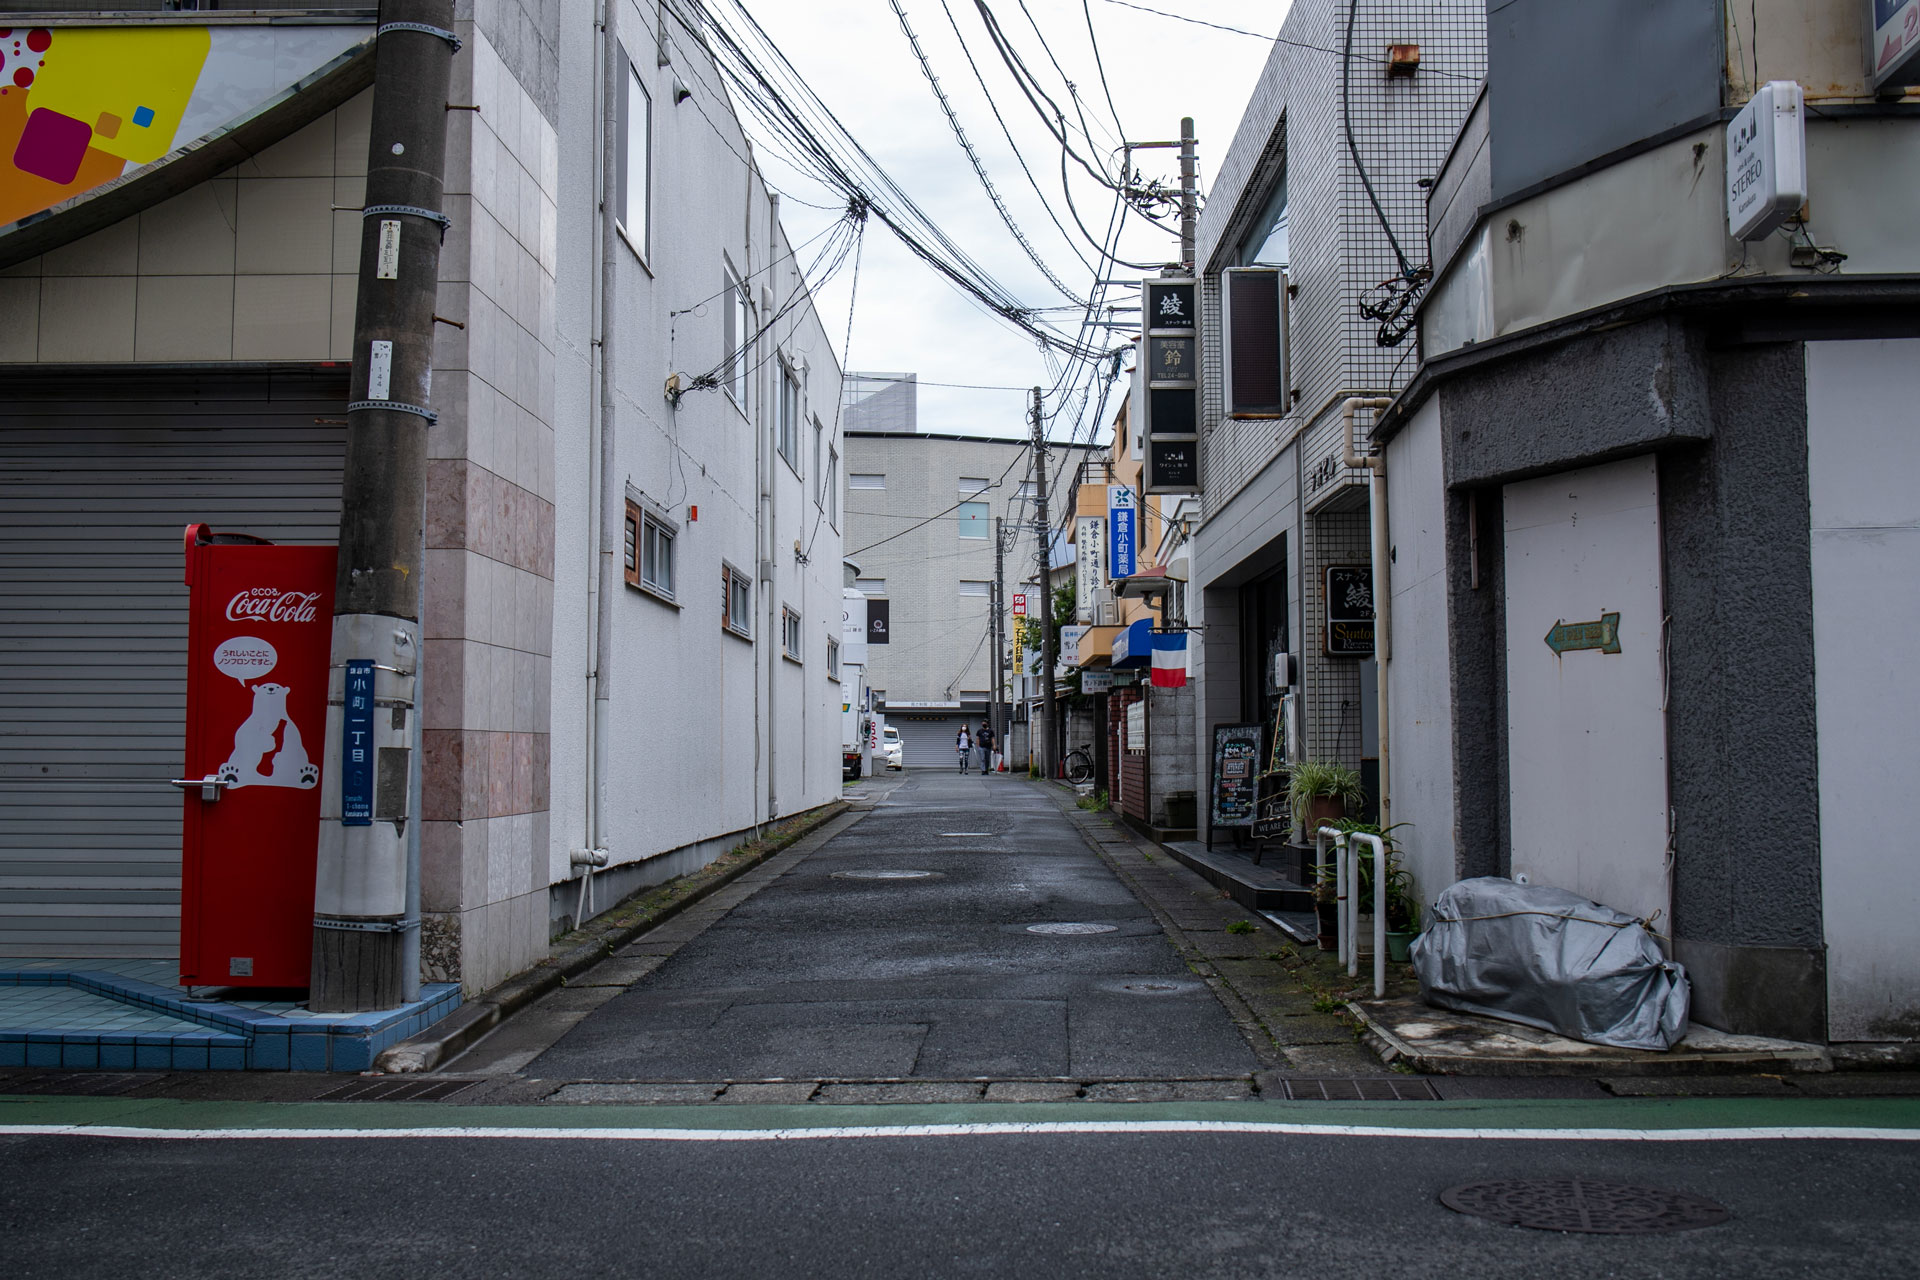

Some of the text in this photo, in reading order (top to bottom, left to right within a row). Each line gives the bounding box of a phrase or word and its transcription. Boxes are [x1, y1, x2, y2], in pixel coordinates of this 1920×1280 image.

[1732, 159, 1762, 202] STEREO
[1160, 293, 1185, 316] 綾
[1164, 350, 1182, 366] 鈴
[1117, 511, 1129, 575] 鎌倉小町薬局
[1090, 520, 1101, 593] 鎌倉小町通り診
[1336, 572, 1369, 582] スナック
[225, 590, 323, 623] Coca-Cola
[1344, 583, 1373, 609] 綾
[218, 658, 273, 666] ノンフロンですと。
[222, 649, 269, 657] うれしいことに
[351, 678, 366, 763] 小町一丁目
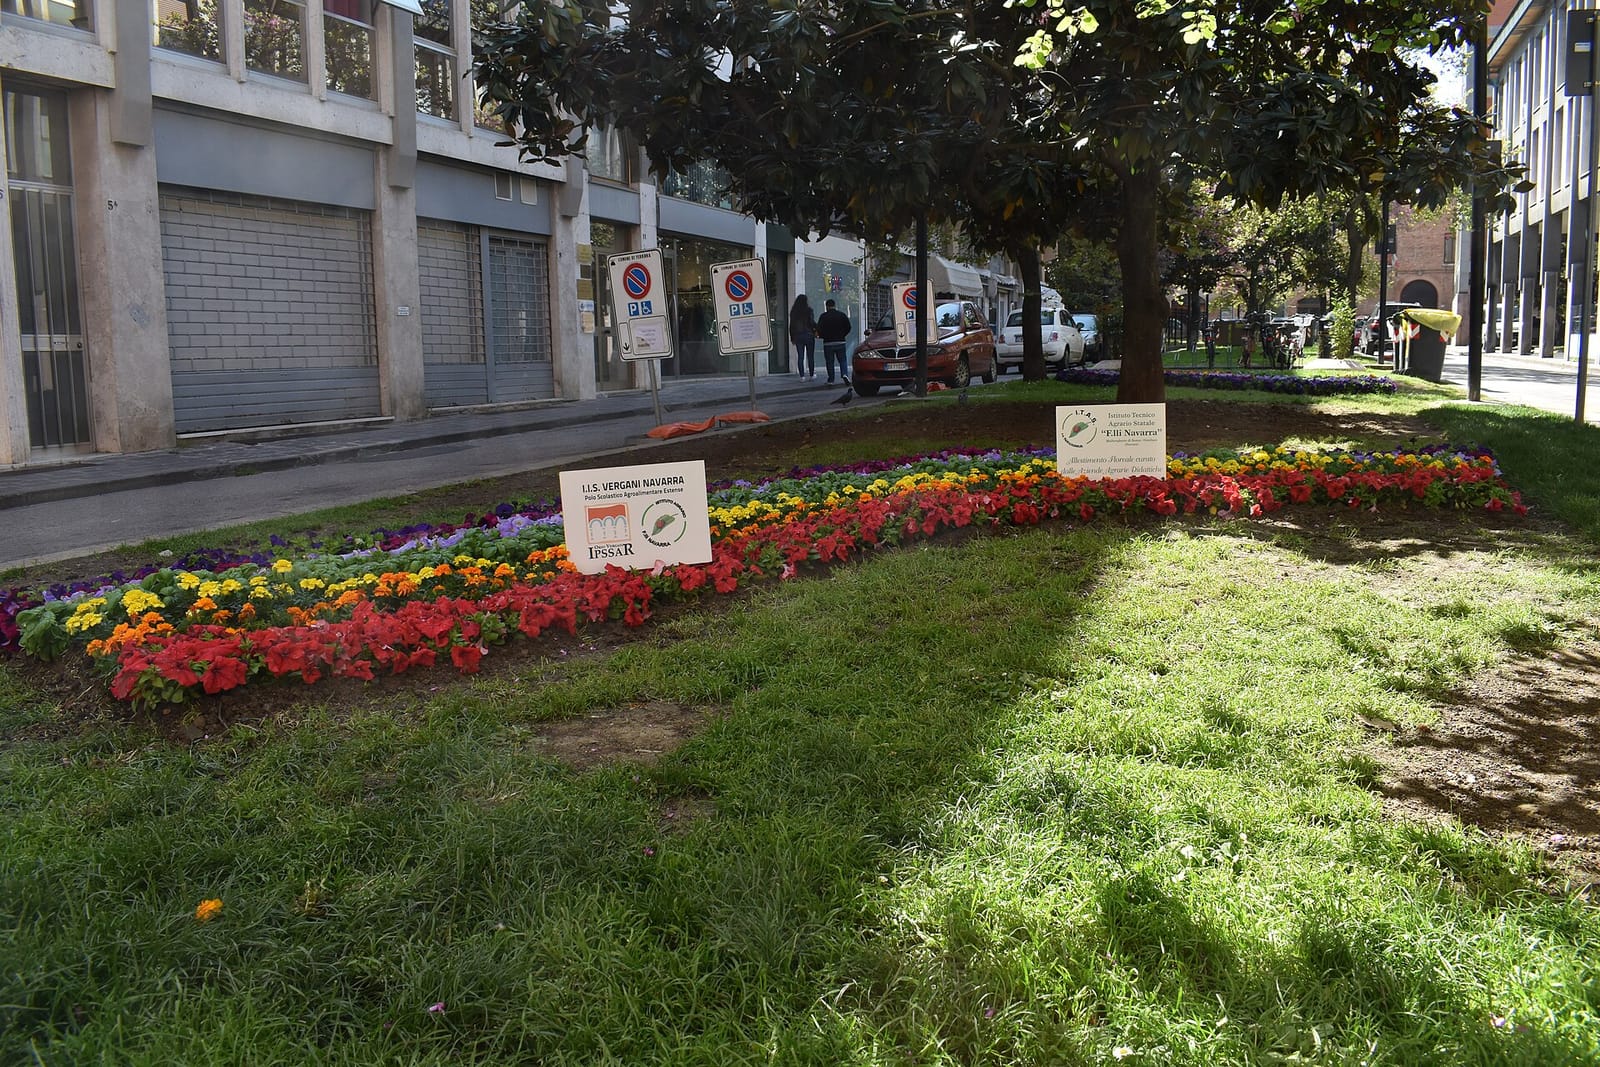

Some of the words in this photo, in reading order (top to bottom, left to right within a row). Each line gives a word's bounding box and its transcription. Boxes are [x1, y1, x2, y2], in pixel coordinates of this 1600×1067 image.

[630, 304, 637, 315] P
[731, 305, 737, 315] P
[582, 483, 600, 493] I.I.S.
[602, 479, 641, 491] VERGANI
[643, 476, 684, 487] NAVARRA
[597, 492, 623, 500] Scolastico
[624, 488, 662, 499] Agroalimentare
[588, 543, 635, 559] IPSSAR
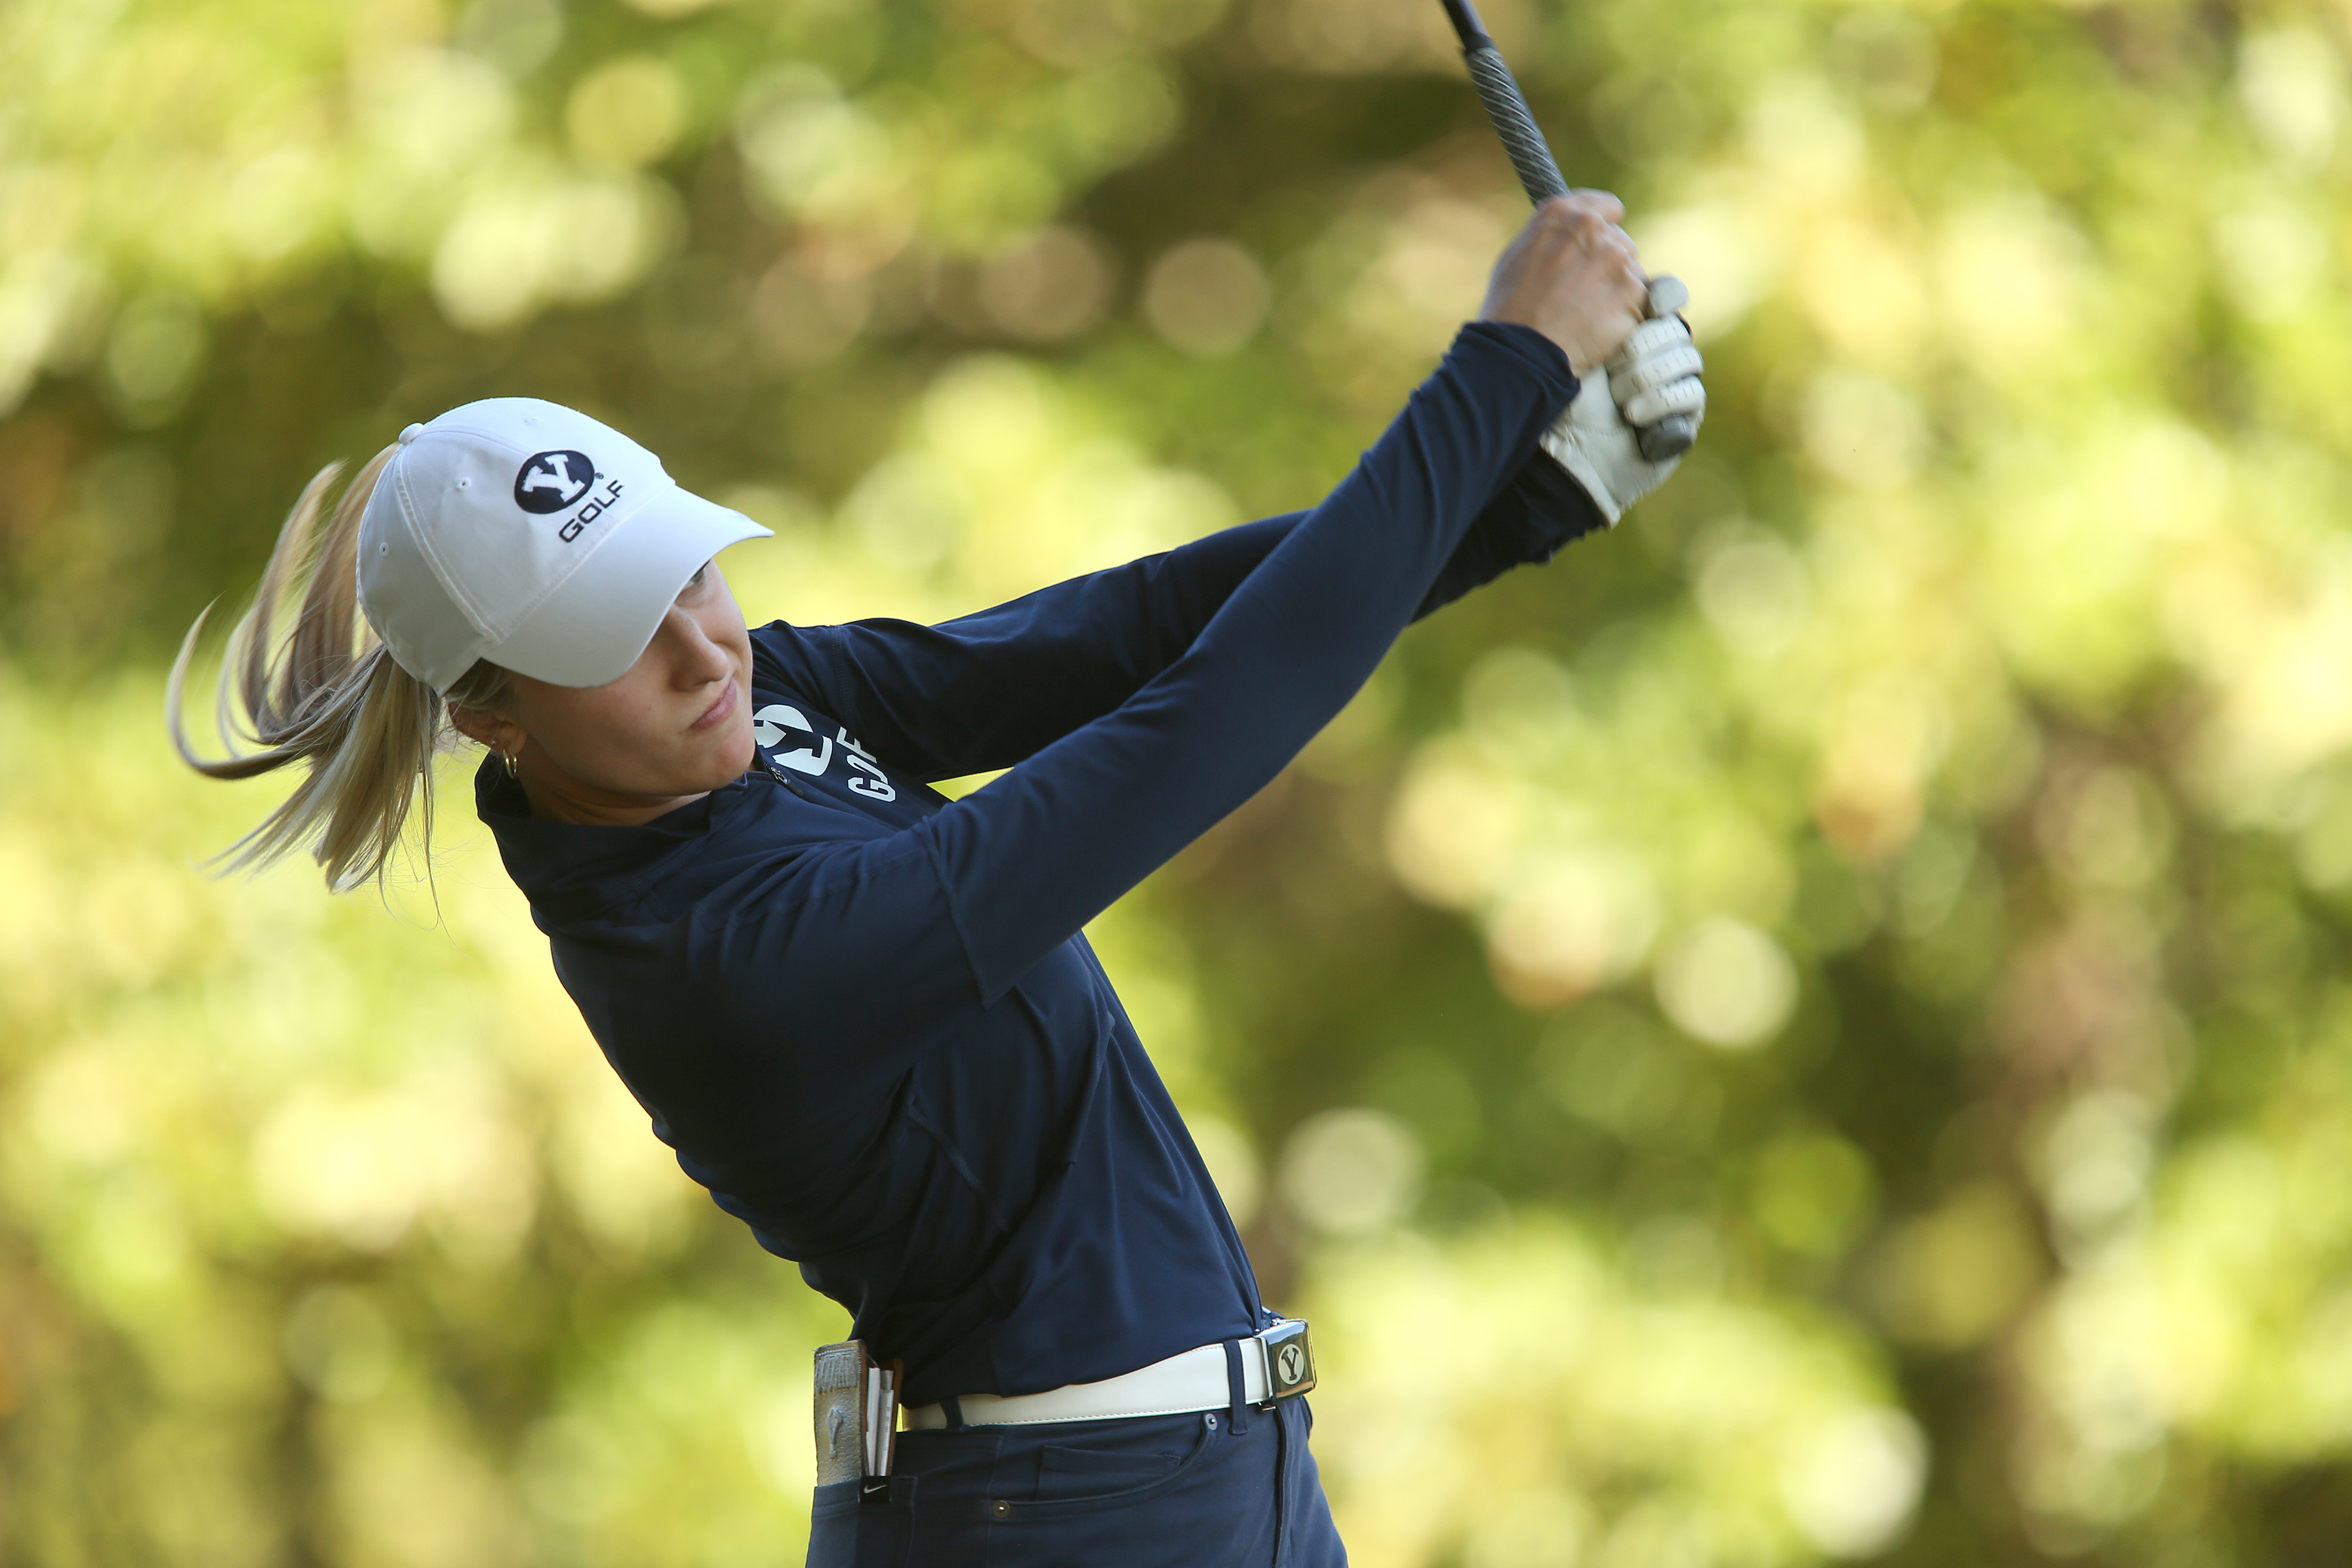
....
What to produce | Write out each entry word for word, images excluded.

Expected answer |
Some of the text in this photo, in reading order (top to bottom, left to right within a row). Each line gives the bounding box of a phrase or word and its transcription. Boxes are [x1, y1, x2, y2], in pixel coordinates of this 1920×1280 image.

[1732, 159, 1762, 202] STEREO
[1160, 293, 1185, 316] 綾
[1164, 350, 1182, 366] 鈴
[1117, 511, 1129, 575] 鎌倉小町薬局
[1090, 520, 1101, 593] 鎌倉小町通り診
[1336, 572, 1369, 582] スナック
[225, 590, 323, 623] Coca-Cola
[1344, 583, 1373, 609] 綾
[218, 658, 273, 666] ノンフロンですと。
[222, 649, 269, 657] うれしいことに
[351, 678, 366, 763] 小町一丁目

Some of the words in this photo, in reading order (top to bottom, left to right within a row). Each line gives a word's bounding box and its transcription. Boxes are [x1, y1, x2, y2], in pixel coordinates of this 1600×1067 image.

[630, 304, 637, 315] P
[731, 305, 737, 315] P
[582, 483, 600, 493] I.I.S.
[602, 479, 641, 491] VERGANI
[643, 476, 684, 487] NAVARRA
[597, 492, 623, 500] Scolastico
[624, 488, 662, 499] Agroalimentare
[588, 543, 635, 559] IPSSAR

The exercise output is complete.